++++ Listed entries ++++

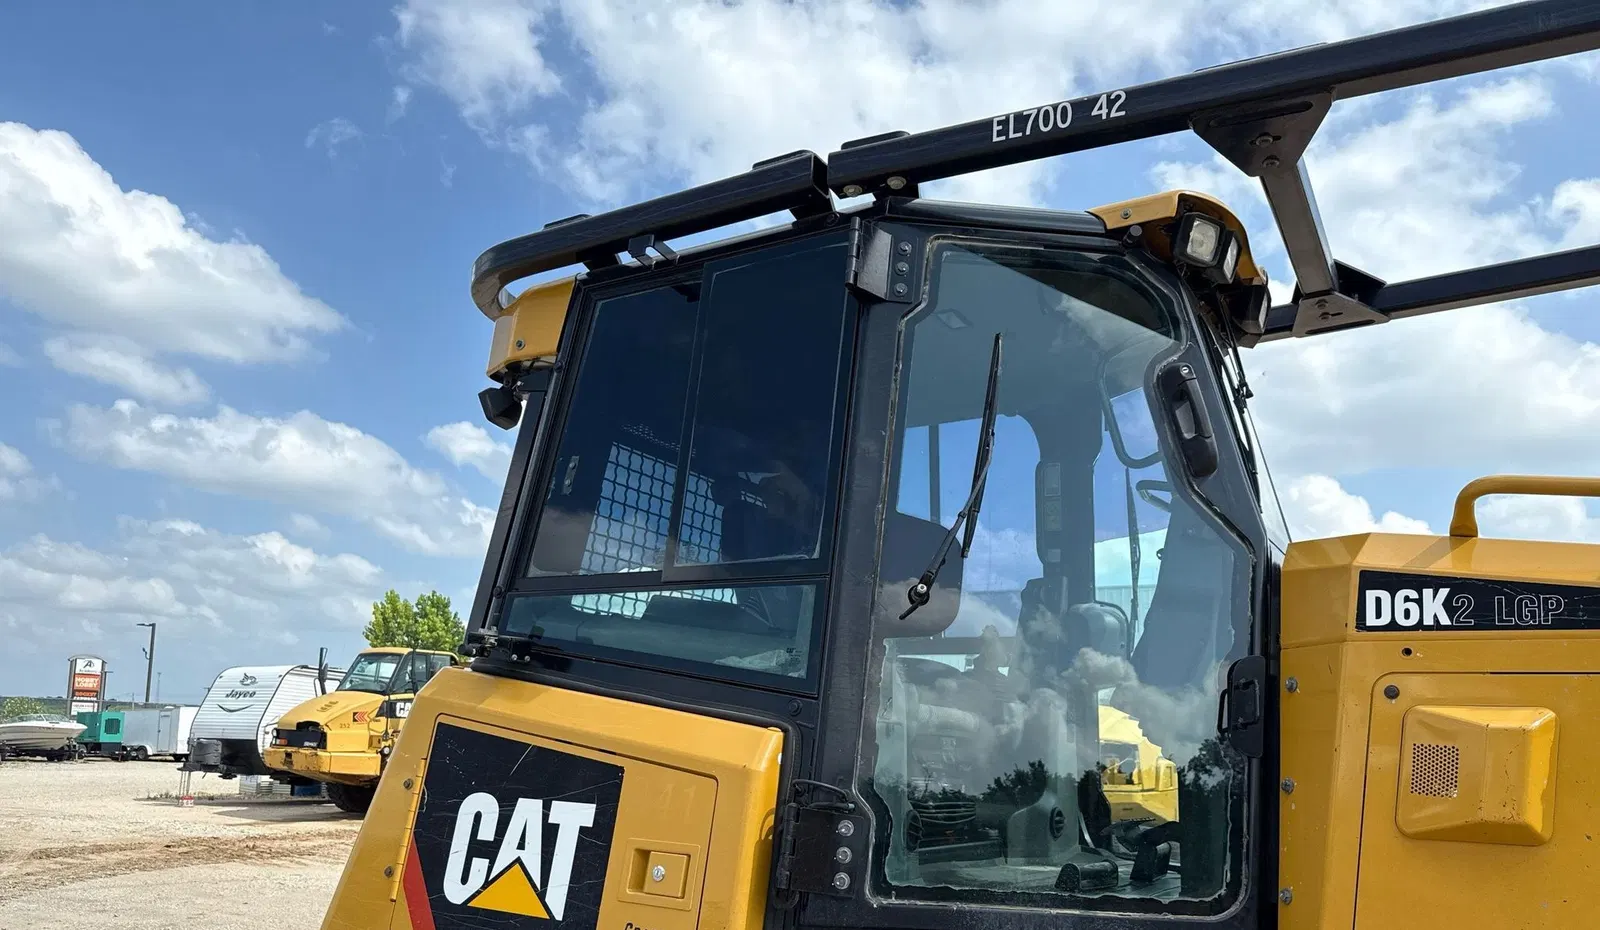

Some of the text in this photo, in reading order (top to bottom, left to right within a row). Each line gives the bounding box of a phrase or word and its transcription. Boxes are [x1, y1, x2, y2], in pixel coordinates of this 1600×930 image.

[992, 90, 1127, 143] EL700 42
[1365, 587, 1565, 627] D6K2 LGP
[225, 690, 256, 700] Jayco
[396, 702, 412, 717] CA
[443, 792, 598, 922] CAT

++++

## What the task requires
The result should be a word-for-word restatement of all the data, without images.

## Task answer
Some of the text in this photo, in reading order (top to bottom, left to right within a row). Each line gives the bounding box of a phrase or word and its transcription. Boxes are [x1, y1, x2, y2], in pixel coordinates of this 1600×930 image.

[992, 90, 1127, 143] EL700 42
[1365, 587, 1565, 627] D6K2 LGP
[225, 690, 256, 700] Jayco
[396, 702, 412, 717] CA
[443, 792, 598, 922] CAT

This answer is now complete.